> INPUT RECORDS:
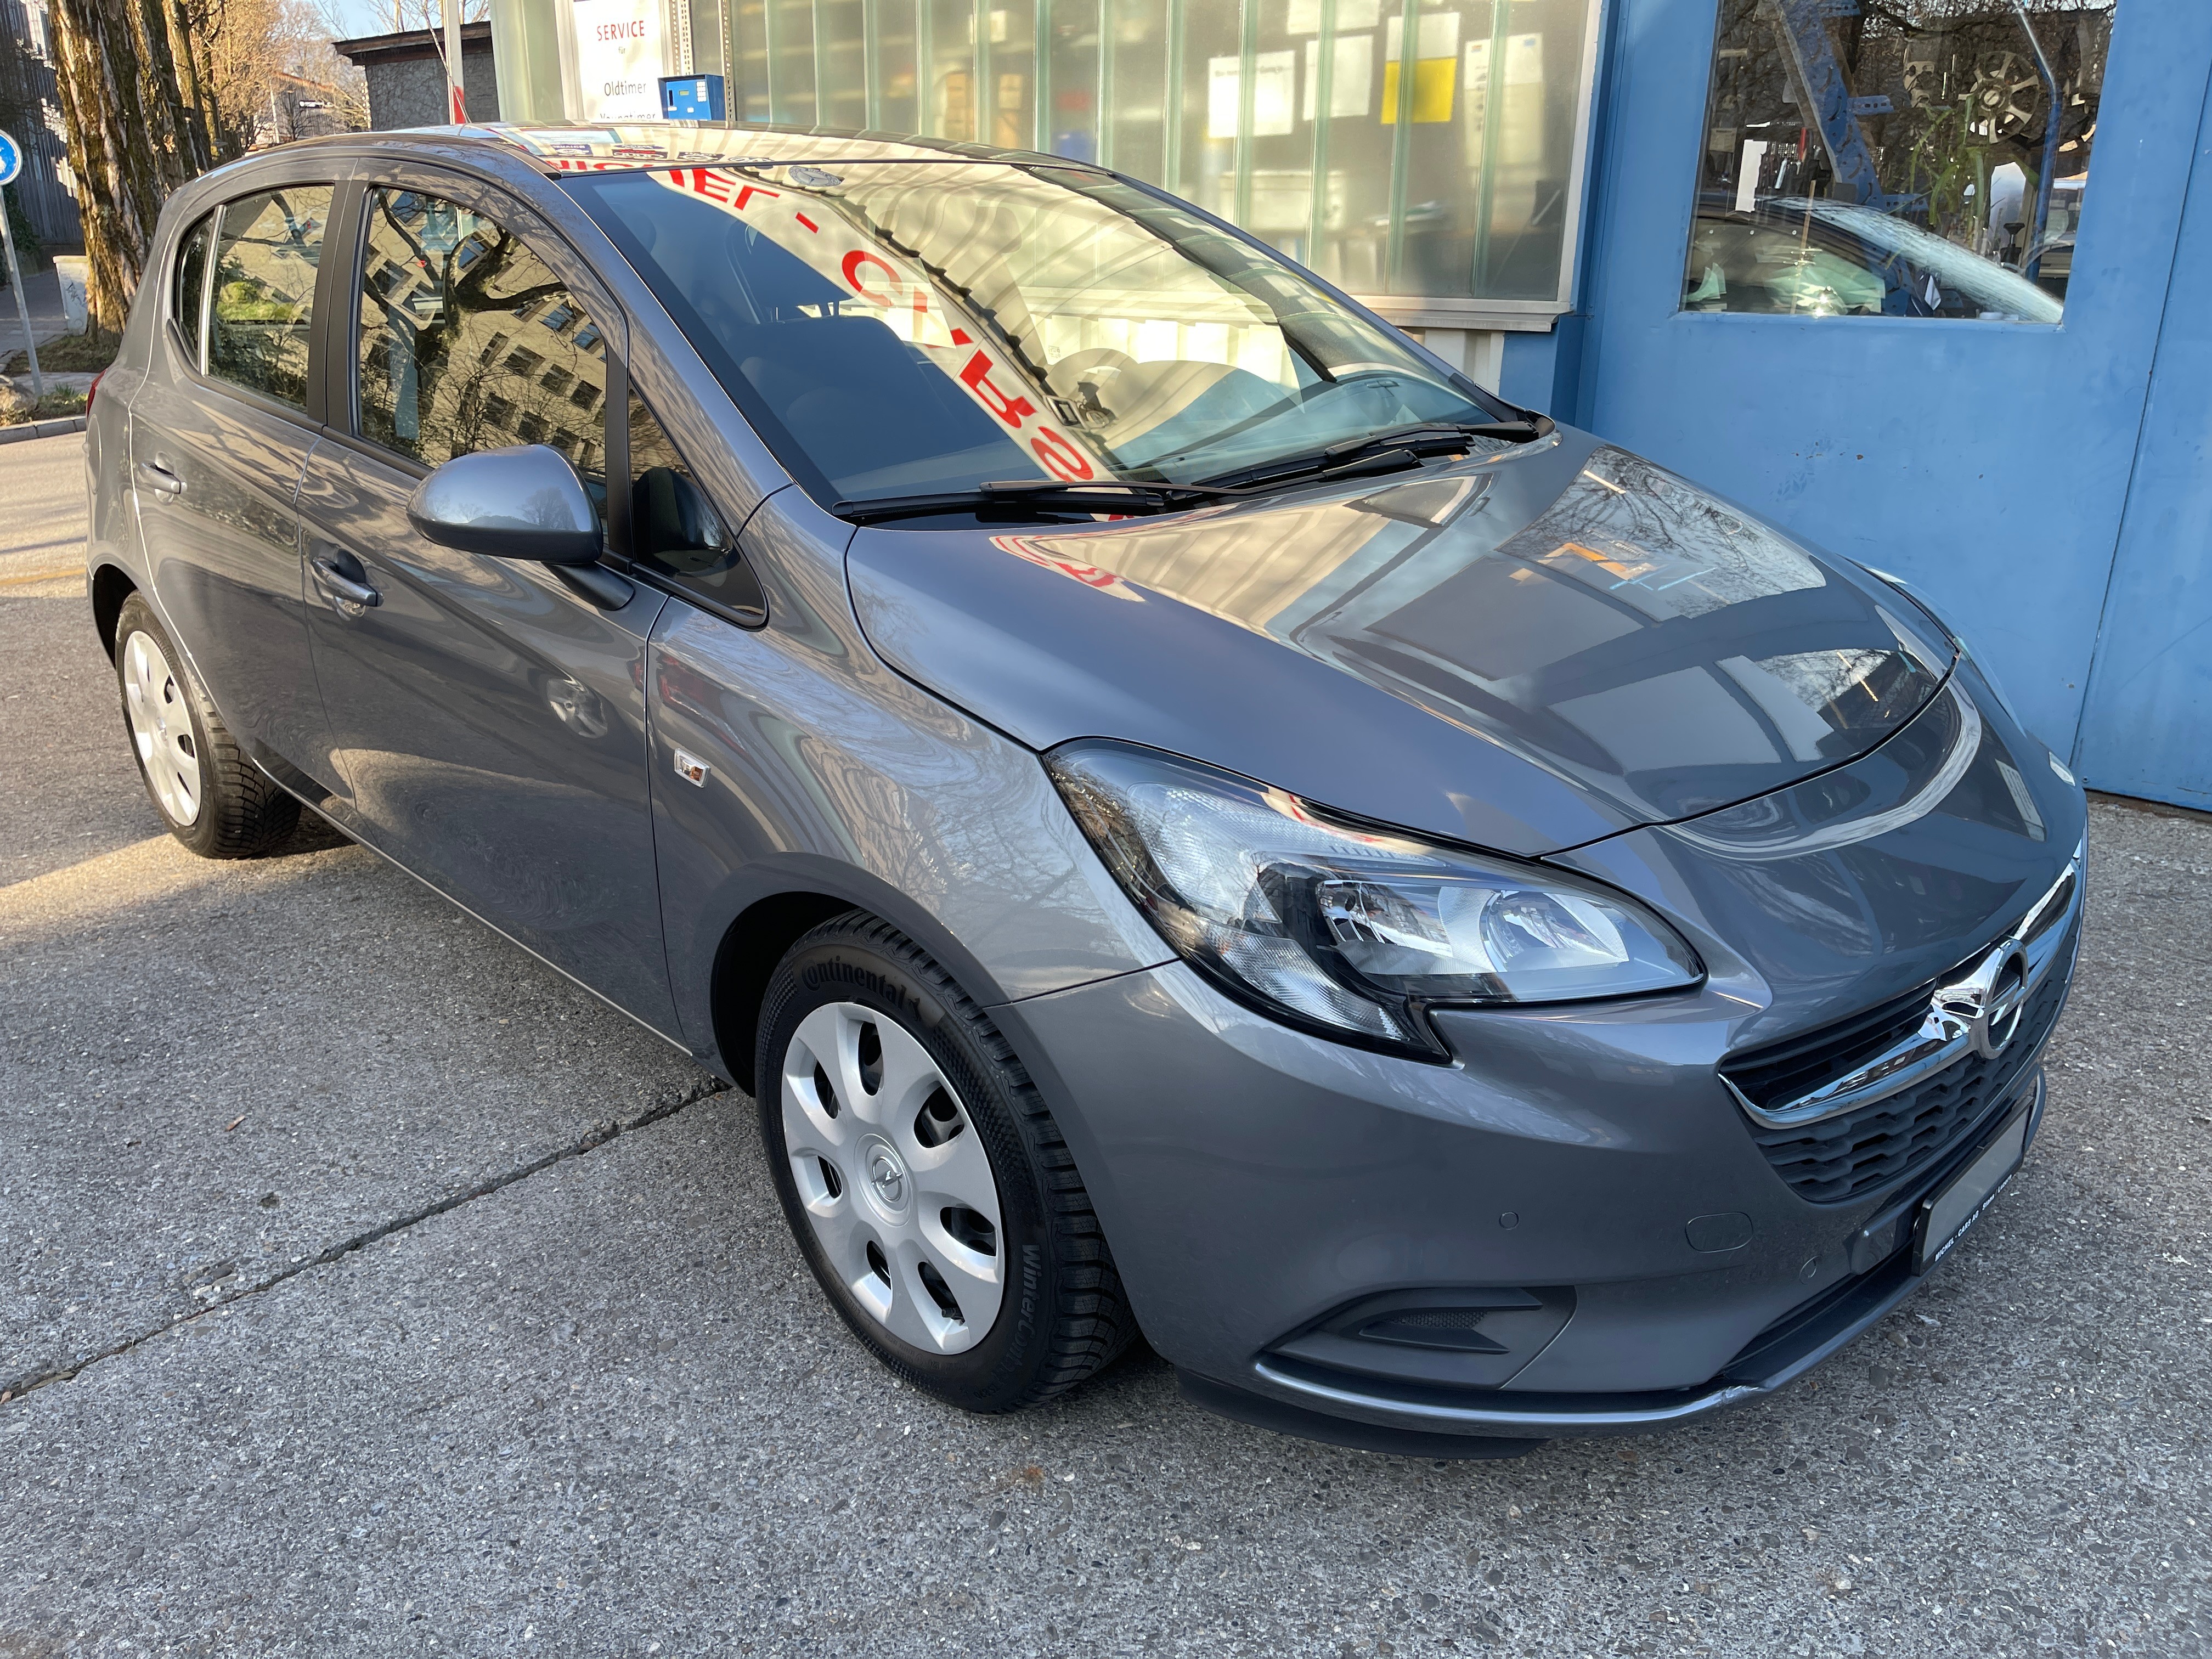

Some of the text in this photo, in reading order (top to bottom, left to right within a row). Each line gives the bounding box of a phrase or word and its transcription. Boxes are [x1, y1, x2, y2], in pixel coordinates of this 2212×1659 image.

[597, 20, 645, 41] SERVICE
[604, 81, 646, 96] Oldtimer
[802, 955, 907, 1012] Continental
[1935, 1237, 1954, 1261] MICHEL
[1958, 1218, 1971, 1237] CARS
[1972, 1210, 1979, 1223] AG
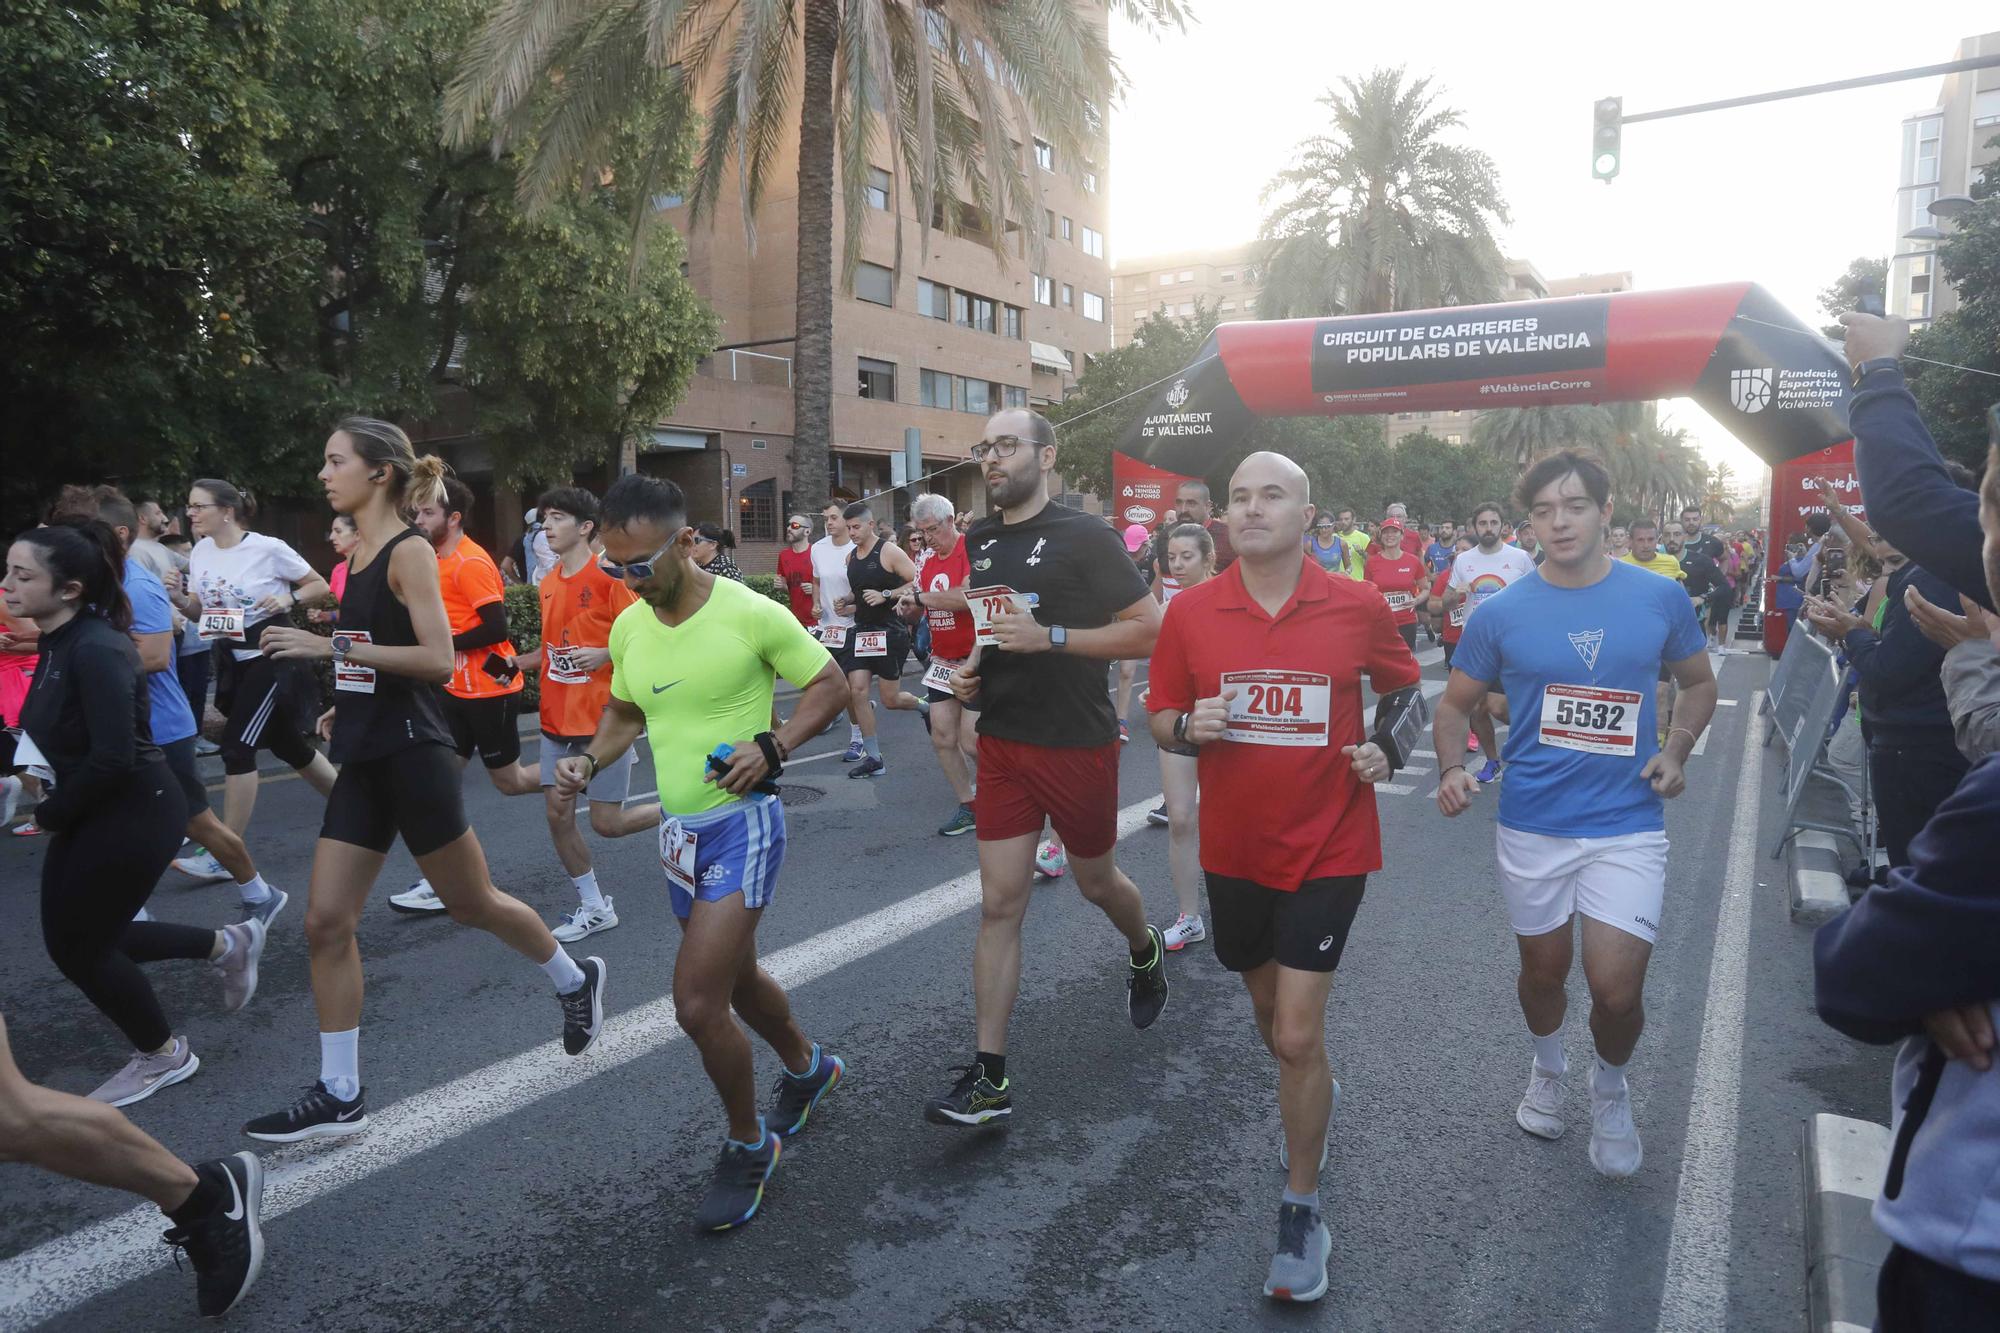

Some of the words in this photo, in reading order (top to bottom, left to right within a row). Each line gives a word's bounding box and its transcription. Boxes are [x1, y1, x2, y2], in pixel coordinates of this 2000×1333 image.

[1323, 329, 1397, 346] CIRCUIT
[1400, 326, 1424, 342] DE
[1429, 318, 1538, 339] CARRERES
[1347, 343, 1450, 363] POPULARS
[1454, 341, 1480, 357] DE
[1485, 332, 1591, 355] VALÈNCIA
[1780, 369, 1838, 379] Fundació
[1480, 379, 1591, 395] #ValènciaCorre
[1778, 380, 1841, 390] Esportiva
[1777, 389, 1843, 400] Municipal
[1777, 400, 1833, 410] València
[1144, 412, 1212, 426] AJUNTAMENT
[1142, 427, 1154, 437] DE
[1158, 423, 1213, 436] VALÈNCIA
[1127, 510, 1152, 519] Serrano
[205, 616, 235, 630] 4570
[861, 636, 878, 648] 240
[932, 666, 955, 681] 585
[1247, 685, 1303, 717] 204
[1556, 699, 1625, 731] 5532
[1251, 724, 1298, 732] #ValènciaCorre

> WHAT THE EXERCISE ASKS:
Would you give the entries above again verbatim, omitting the images they contain?

> EXERCISE SOLUTION:
Some of the text in this photo, in reading order (top to bottom, left to right within a row). Each line gives the bounding box of a phrase or word and its transcription. Boxes are [x1, y1, x2, y2], in pixel coordinates of this 2212×1659 image.

[597, 20, 645, 41] SERVICE
[604, 81, 646, 96] Oldtimer
[802, 955, 907, 1012] Continental
[1935, 1237, 1954, 1261] MICHEL
[1958, 1218, 1971, 1237] CARS
[1972, 1210, 1979, 1223] AG

Some of the words in this photo, in reading order (top to bottom, left to right within a row). Each line gives a word's bounding box and its transcription. Boxes are [x1, y1, x2, y2], in pixel coordinates of this 2000×1333 image.

[1323, 329, 1397, 346] CIRCUIT
[1400, 326, 1424, 342] DE
[1429, 318, 1538, 339] CARRERES
[1347, 343, 1450, 363] POPULARS
[1454, 341, 1480, 357] DE
[1485, 332, 1591, 355] VALÈNCIA
[1780, 369, 1838, 379] Fundació
[1480, 379, 1591, 395] #ValènciaCorre
[1778, 380, 1841, 390] Esportiva
[1777, 389, 1843, 400] Municipal
[1777, 400, 1833, 410] València
[1144, 412, 1212, 426] AJUNTAMENT
[1142, 427, 1154, 437] DE
[1158, 423, 1213, 436] VALÈNCIA
[1127, 510, 1152, 519] Serrano
[205, 616, 235, 630] 4570
[861, 636, 878, 648] 240
[932, 666, 955, 681] 585
[1247, 685, 1303, 717] 204
[1556, 699, 1625, 731] 5532
[1251, 724, 1298, 732] #ValènciaCorre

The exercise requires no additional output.